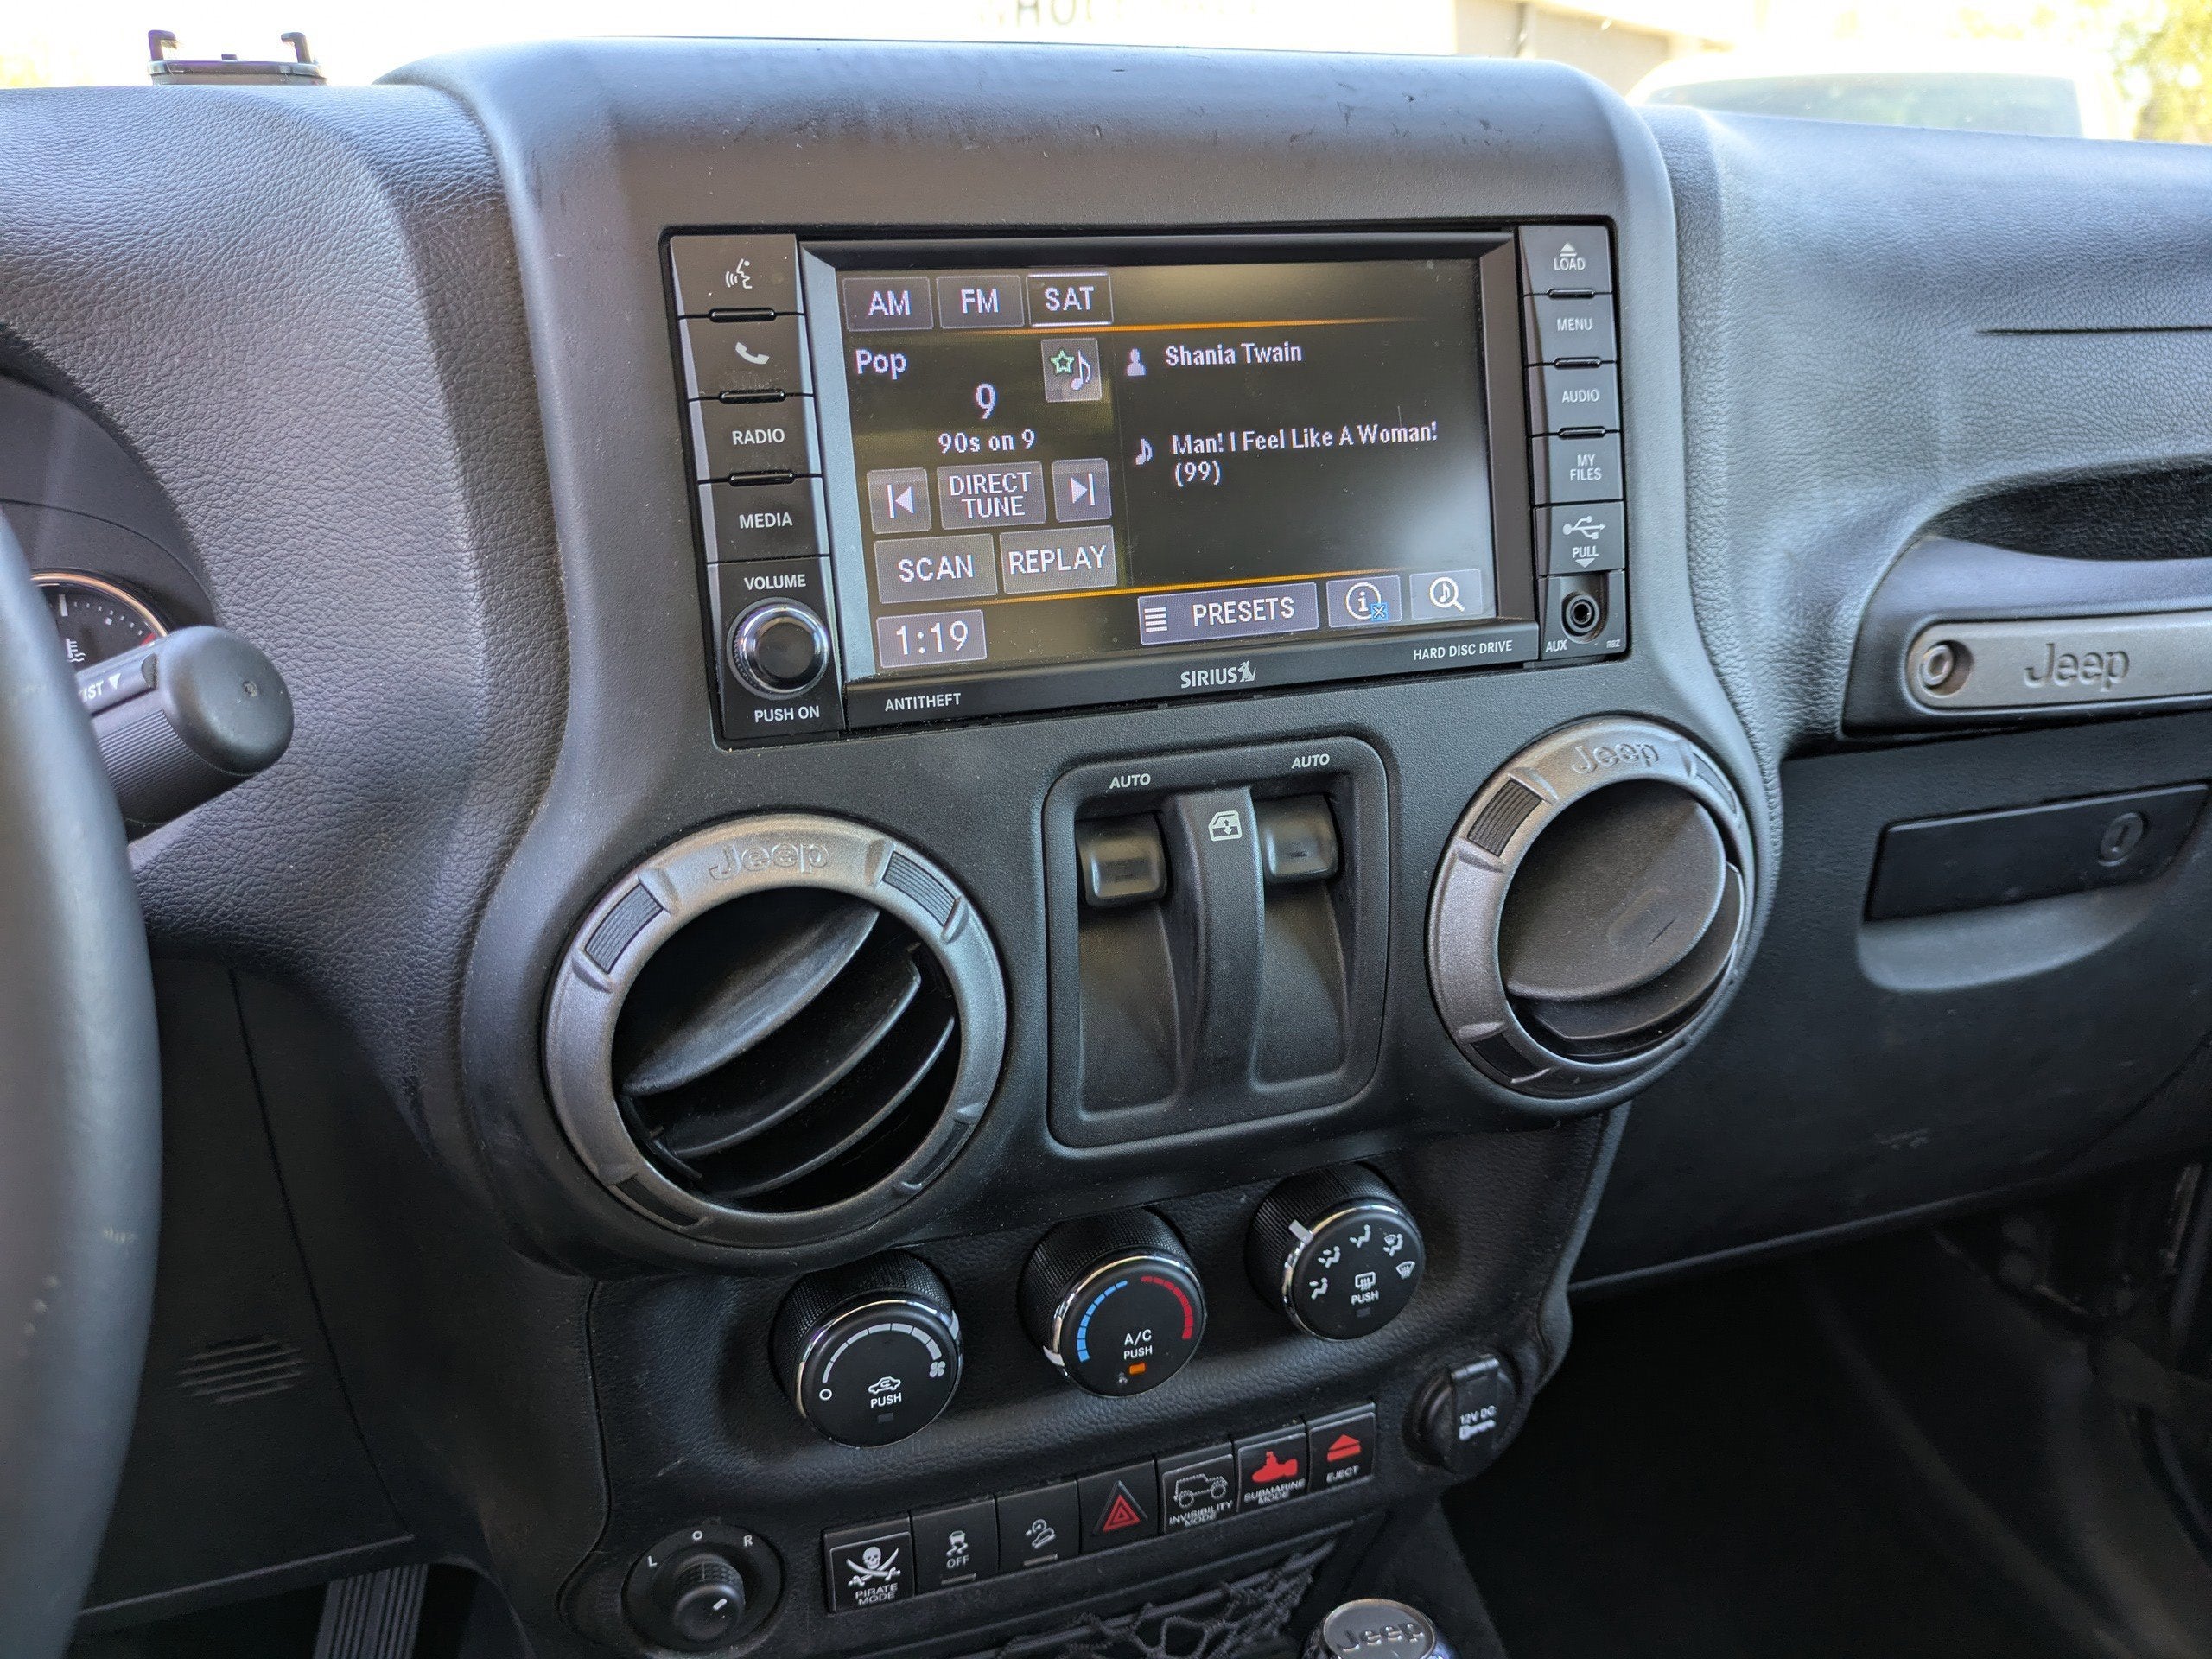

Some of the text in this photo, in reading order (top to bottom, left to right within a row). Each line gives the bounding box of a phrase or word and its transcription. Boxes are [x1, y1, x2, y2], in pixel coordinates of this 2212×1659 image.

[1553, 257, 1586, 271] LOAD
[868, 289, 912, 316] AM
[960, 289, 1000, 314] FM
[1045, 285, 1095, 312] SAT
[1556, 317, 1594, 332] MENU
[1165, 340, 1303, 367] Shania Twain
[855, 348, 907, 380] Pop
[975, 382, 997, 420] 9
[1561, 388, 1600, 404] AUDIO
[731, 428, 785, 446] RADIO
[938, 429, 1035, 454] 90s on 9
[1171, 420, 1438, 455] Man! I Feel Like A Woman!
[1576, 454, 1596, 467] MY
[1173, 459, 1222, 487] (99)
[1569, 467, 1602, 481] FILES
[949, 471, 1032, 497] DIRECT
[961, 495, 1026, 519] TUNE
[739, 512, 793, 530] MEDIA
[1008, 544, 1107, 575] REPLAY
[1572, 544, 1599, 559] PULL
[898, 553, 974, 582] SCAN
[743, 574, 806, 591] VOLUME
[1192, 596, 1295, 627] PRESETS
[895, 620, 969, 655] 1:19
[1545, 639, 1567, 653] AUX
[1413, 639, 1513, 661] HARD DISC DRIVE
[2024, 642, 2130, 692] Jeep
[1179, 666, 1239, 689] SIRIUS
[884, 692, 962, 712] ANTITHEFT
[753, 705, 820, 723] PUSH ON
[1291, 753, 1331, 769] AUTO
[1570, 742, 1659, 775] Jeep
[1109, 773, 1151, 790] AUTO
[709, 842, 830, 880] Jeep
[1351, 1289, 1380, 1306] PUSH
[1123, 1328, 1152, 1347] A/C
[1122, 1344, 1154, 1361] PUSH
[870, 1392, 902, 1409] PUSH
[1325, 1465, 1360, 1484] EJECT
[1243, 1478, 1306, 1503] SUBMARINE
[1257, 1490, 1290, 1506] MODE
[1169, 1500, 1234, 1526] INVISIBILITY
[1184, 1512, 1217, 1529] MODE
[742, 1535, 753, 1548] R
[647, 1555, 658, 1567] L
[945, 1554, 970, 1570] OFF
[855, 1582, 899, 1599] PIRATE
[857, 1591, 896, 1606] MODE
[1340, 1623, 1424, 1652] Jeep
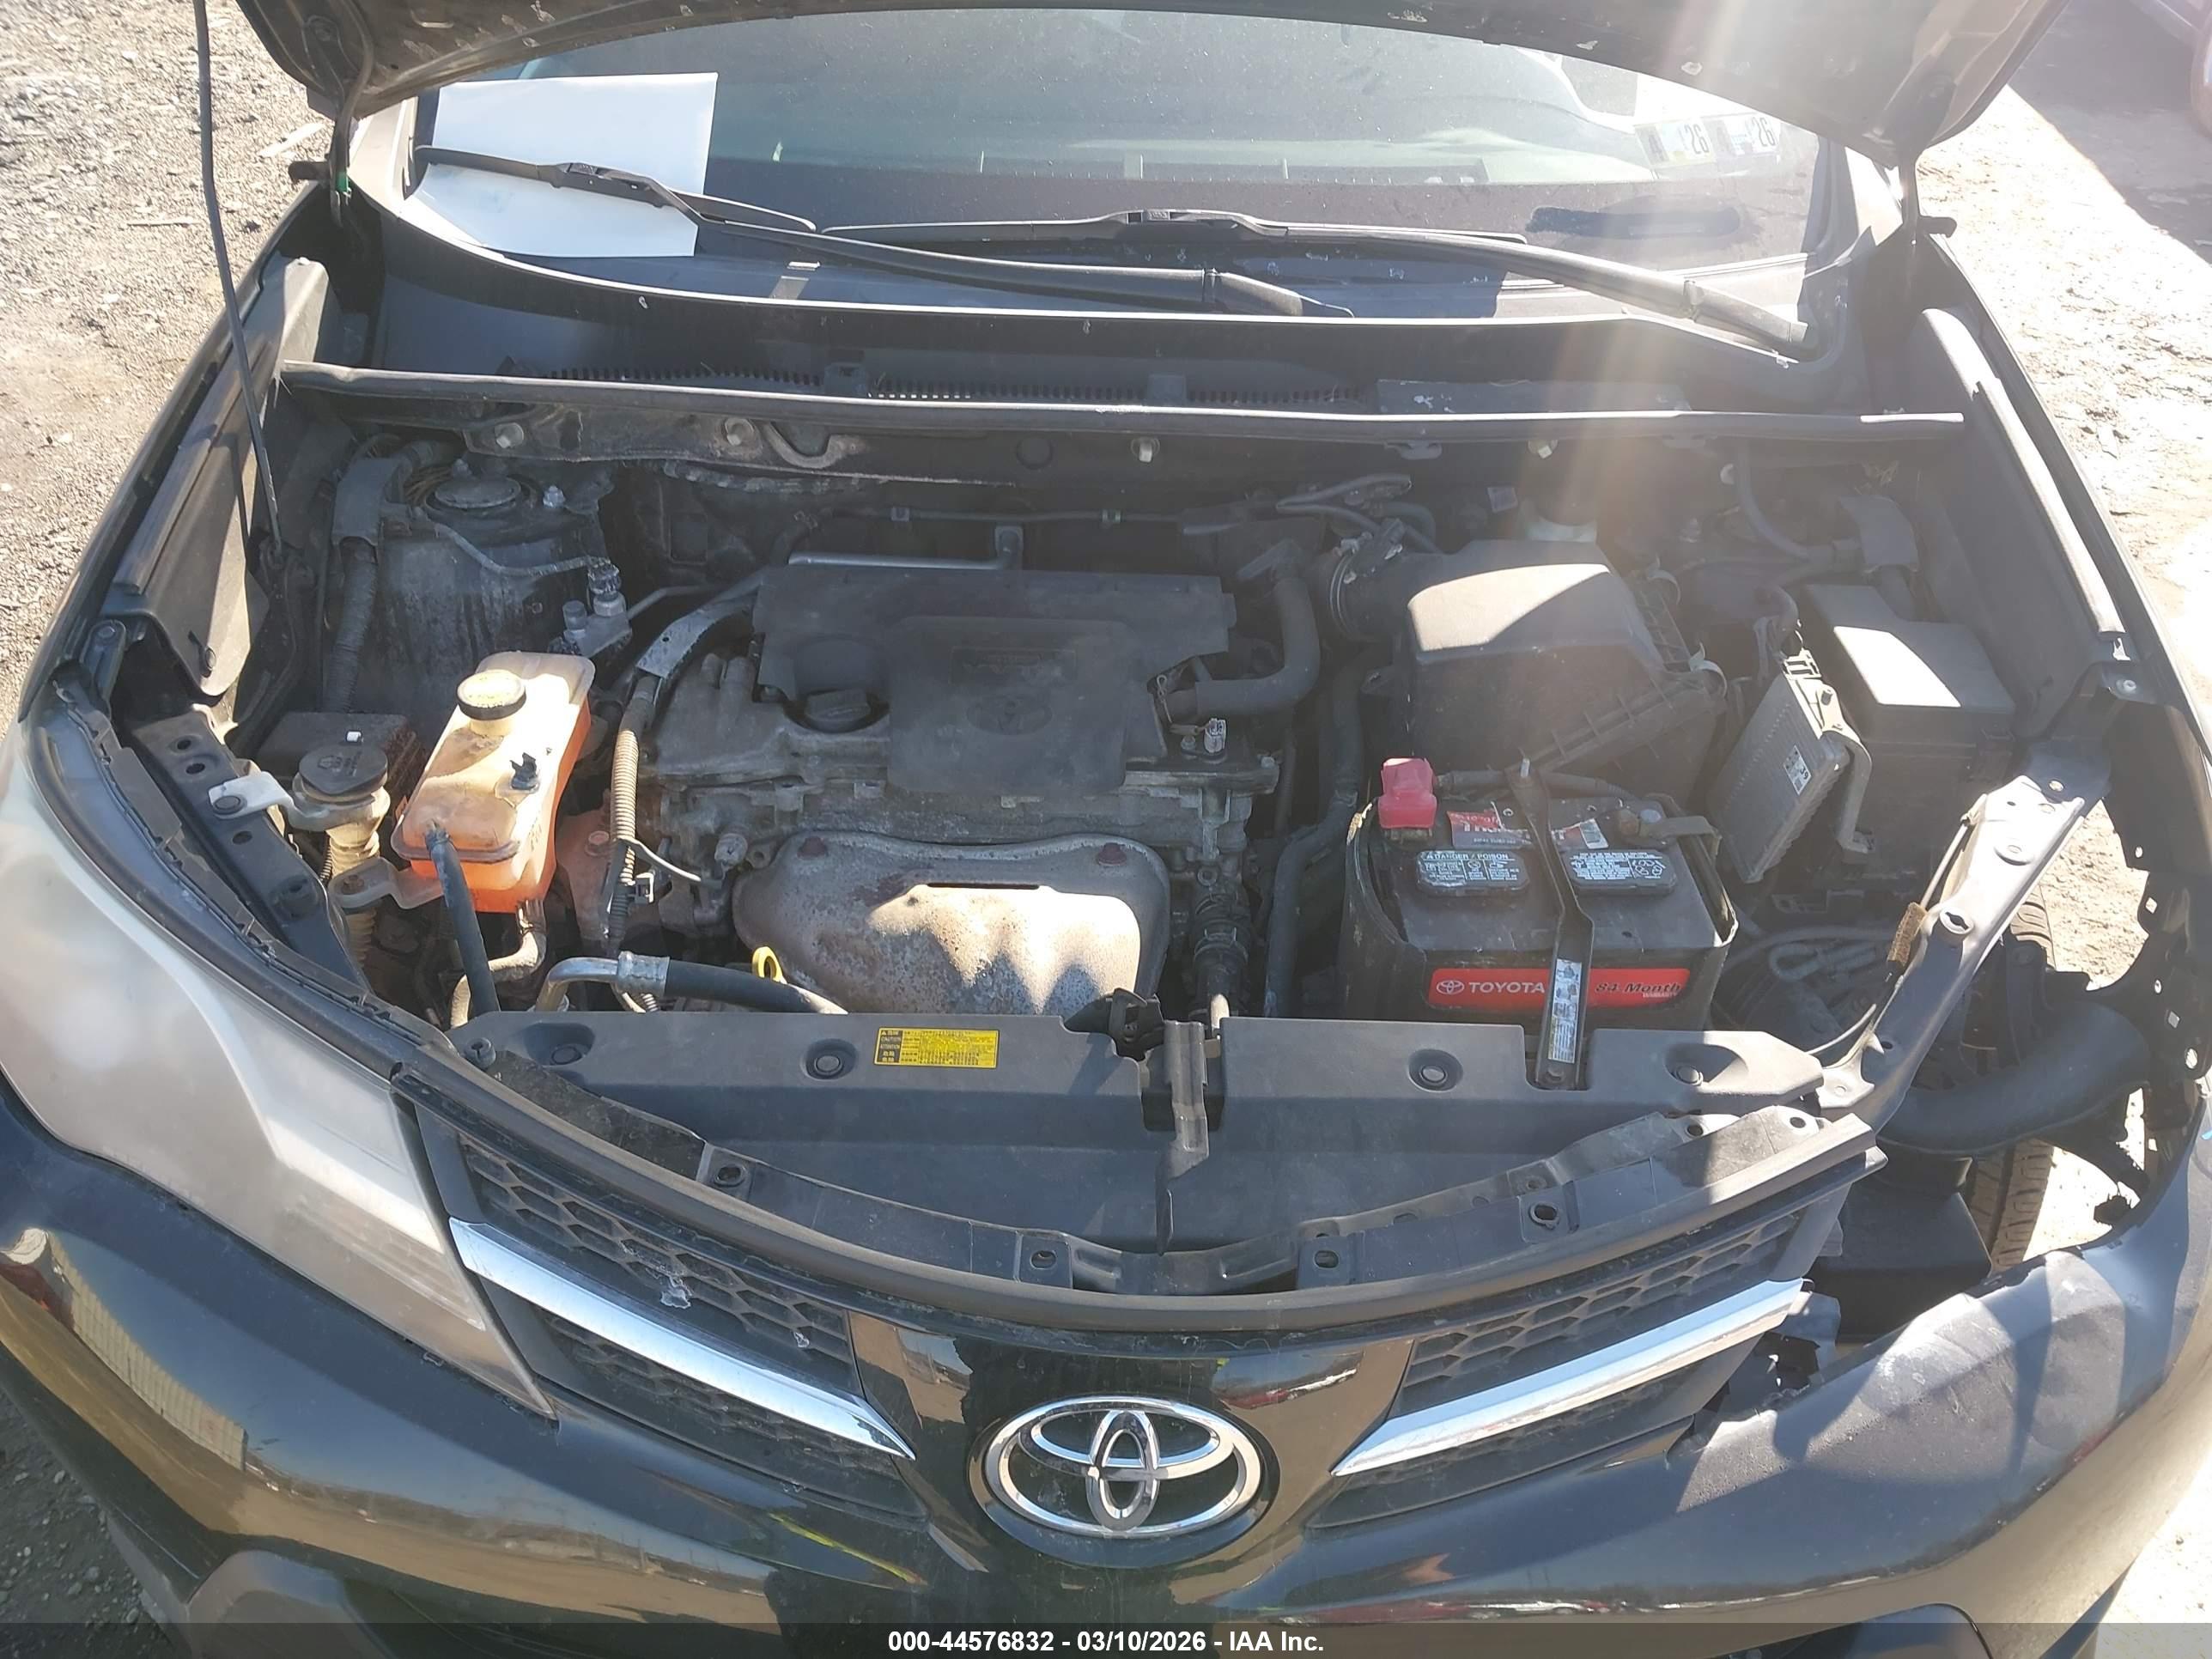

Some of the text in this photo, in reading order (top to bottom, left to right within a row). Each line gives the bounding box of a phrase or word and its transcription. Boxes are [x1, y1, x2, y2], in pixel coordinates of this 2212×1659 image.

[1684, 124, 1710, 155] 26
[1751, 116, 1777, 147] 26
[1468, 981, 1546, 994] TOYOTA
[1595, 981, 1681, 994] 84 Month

TASK OBJECTIVE: Restate the whole listing above exactly, except for its images.

RESULT:
Some of the text in this photo, in reading order (top to bottom, left to right within a row). Each line gives the bounding box of a phrase or word and its transcription. Boxes are [x1, y1, x2, y2], in pixel coordinates of this 2212×1659 image.

[1553, 257, 1586, 271] LOAD
[868, 289, 912, 316] AM
[960, 289, 1000, 314] FM
[1045, 285, 1095, 312] SAT
[1556, 317, 1594, 332] MENU
[1165, 340, 1303, 367] Shania Twain
[855, 348, 907, 380] Pop
[975, 382, 997, 420] 9
[1561, 388, 1600, 404] AUDIO
[731, 428, 785, 446] RADIO
[938, 429, 1035, 454] 90s on 9
[1171, 420, 1438, 455] Man! I Feel Like A Woman!
[1576, 454, 1596, 467] MY
[1173, 459, 1222, 487] (99)
[1569, 467, 1602, 481] FILES
[949, 471, 1032, 497] DIRECT
[961, 495, 1026, 519] TUNE
[739, 512, 793, 530] MEDIA
[1008, 544, 1107, 575] REPLAY
[1572, 544, 1599, 559] PULL
[898, 553, 974, 582] SCAN
[743, 574, 806, 591] VOLUME
[1192, 596, 1295, 627] PRESETS
[895, 620, 969, 655] 1:19
[1545, 639, 1567, 653] AUX
[1413, 639, 1513, 661] HARD DISC DRIVE
[2024, 642, 2130, 692] Jeep
[1179, 666, 1239, 689] SIRIUS
[884, 692, 962, 712] ANTITHEFT
[753, 705, 820, 723] PUSH ON
[1291, 753, 1331, 769] AUTO
[1570, 742, 1659, 775] Jeep
[1109, 773, 1151, 790] AUTO
[709, 842, 830, 880] Jeep
[1351, 1289, 1380, 1306] PUSH
[1123, 1328, 1152, 1347] A/C
[1122, 1344, 1154, 1361] PUSH
[870, 1392, 902, 1409] PUSH
[1325, 1465, 1360, 1484] EJECT
[1243, 1478, 1306, 1503] SUBMARINE
[1257, 1490, 1290, 1506] MODE
[1169, 1500, 1234, 1526] INVISIBILITY
[1184, 1512, 1217, 1529] MODE
[742, 1535, 753, 1548] R
[647, 1555, 658, 1567] L
[945, 1554, 970, 1570] OFF
[855, 1582, 899, 1599] PIRATE
[857, 1591, 896, 1606] MODE
[1340, 1623, 1424, 1652] Jeep

Some of the text in this photo, in reading order (top to bottom, left to right within a row). Each line gives the bounding box of a phrase or word and its transcription. Boxes are [x1, y1, x2, y2], in pixel coordinates of this 2212×1659 image.

[1684, 124, 1710, 155] 26
[1751, 116, 1777, 147] 26
[1468, 981, 1546, 994] TOYOTA
[1595, 981, 1681, 994] 84 Month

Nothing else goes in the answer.